* _Work instruction_:
In this exercise, set down every entry that follows exactly as it appears.

##### Dataset content #####

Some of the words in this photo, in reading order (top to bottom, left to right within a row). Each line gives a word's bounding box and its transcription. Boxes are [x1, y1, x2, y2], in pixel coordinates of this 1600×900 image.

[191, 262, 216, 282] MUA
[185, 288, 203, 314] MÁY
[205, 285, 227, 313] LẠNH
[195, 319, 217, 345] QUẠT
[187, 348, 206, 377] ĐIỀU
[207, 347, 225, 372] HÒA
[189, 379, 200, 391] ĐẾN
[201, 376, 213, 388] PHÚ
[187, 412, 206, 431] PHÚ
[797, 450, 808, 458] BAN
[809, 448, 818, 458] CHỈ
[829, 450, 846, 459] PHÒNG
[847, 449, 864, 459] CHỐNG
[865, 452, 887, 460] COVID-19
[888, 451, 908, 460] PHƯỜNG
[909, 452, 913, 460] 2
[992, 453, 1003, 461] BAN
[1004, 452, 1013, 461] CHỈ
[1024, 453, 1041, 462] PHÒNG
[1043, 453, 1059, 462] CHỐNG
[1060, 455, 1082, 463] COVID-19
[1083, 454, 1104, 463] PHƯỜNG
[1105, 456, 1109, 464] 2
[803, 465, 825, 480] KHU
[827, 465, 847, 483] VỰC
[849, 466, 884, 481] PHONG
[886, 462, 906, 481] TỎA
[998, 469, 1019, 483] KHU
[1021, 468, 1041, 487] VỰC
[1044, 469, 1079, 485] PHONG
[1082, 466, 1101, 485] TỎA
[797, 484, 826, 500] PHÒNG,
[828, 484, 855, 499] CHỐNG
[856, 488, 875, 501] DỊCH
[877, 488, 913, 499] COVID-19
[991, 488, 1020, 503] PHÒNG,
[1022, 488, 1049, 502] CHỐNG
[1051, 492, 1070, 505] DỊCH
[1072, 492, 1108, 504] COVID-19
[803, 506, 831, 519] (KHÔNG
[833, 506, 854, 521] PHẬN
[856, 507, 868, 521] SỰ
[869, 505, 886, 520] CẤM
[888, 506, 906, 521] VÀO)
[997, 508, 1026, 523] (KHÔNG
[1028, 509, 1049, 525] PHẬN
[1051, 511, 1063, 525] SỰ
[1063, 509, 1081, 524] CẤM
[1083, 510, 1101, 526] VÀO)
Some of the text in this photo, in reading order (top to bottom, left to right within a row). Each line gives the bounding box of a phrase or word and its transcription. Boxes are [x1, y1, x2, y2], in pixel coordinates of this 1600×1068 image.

#####

* _Response area_:
Some of the words in this photo, in reading order (top to bottom, left to right within a row). Each line gives a word's bounding box and its transcription. Boxes are [x1, y1, x2, y2], in pixel coordinates of this 1600×900 image.

[191, 262, 216, 282] MUA
[185, 288, 203, 314] MÁY
[205, 285, 227, 313] LẠNH
[195, 319, 217, 345] QUẠT
[187, 348, 206, 377] ĐIỀU
[207, 347, 225, 372] HÒA
[189, 379, 200, 391] ĐẾN
[201, 376, 213, 388] PHÚ
[187, 412, 206, 431] PHÚ
[797, 450, 808, 458] BAN
[809, 448, 818, 458] CHỈ
[829, 450, 846, 459] PHÒNG
[847, 449, 864, 459] CHỐNG
[865, 452, 887, 460] COVID-19
[888, 451, 908, 460] PHƯỜNG
[909, 452, 913, 460] 2
[992, 453, 1003, 461] BAN
[1004, 452, 1013, 461] CHỈ
[1024, 453, 1041, 462] PHÒNG
[1043, 453, 1059, 462] CHỐNG
[1060, 455, 1082, 463] COVID-19
[1083, 454, 1104, 463] PHƯỜNG
[1105, 456, 1109, 464] 2
[803, 465, 825, 480] KHU
[827, 465, 847, 483] VỰC
[849, 466, 884, 481] PHONG
[886, 462, 906, 481] TỎA
[998, 469, 1019, 483] KHU
[1021, 468, 1041, 487] VỰC
[1044, 469, 1079, 485] PHONG
[1082, 466, 1101, 485] TỎA
[797, 484, 826, 500] PHÒNG,
[828, 484, 855, 499] CHỐNG
[856, 488, 875, 501] DỊCH
[877, 488, 913, 499] COVID-19
[991, 488, 1020, 503] PHÒNG,
[1022, 488, 1049, 502] CHỐNG
[1051, 492, 1070, 505] DỊCH
[1072, 492, 1108, 504] COVID-19
[803, 506, 831, 519] (KHÔNG
[833, 506, 854, 521] PHẬN
[856, 507, 868, 521] SỰ
[869, 505, 886, 520] CẤM
[888, 506, 906, 521] VÀO)
[997, 508, 1026, 523] (KHÔNG
[1028, 509, 1049, 525] PHẬN
[1051, 511, 1063, 525] SỰ
[1063, 509, 1081, 524] CẤM
[1083, 510, 1101, 526] VÀO)
Some of the text in this photo, in reading order (top to bottom, left to right within a row). Each line gives the bounding box of a phrase or word and its transcription. Boxes are [x1, y1, x2, y2], in pixel coordinates of this 1600×1068 image.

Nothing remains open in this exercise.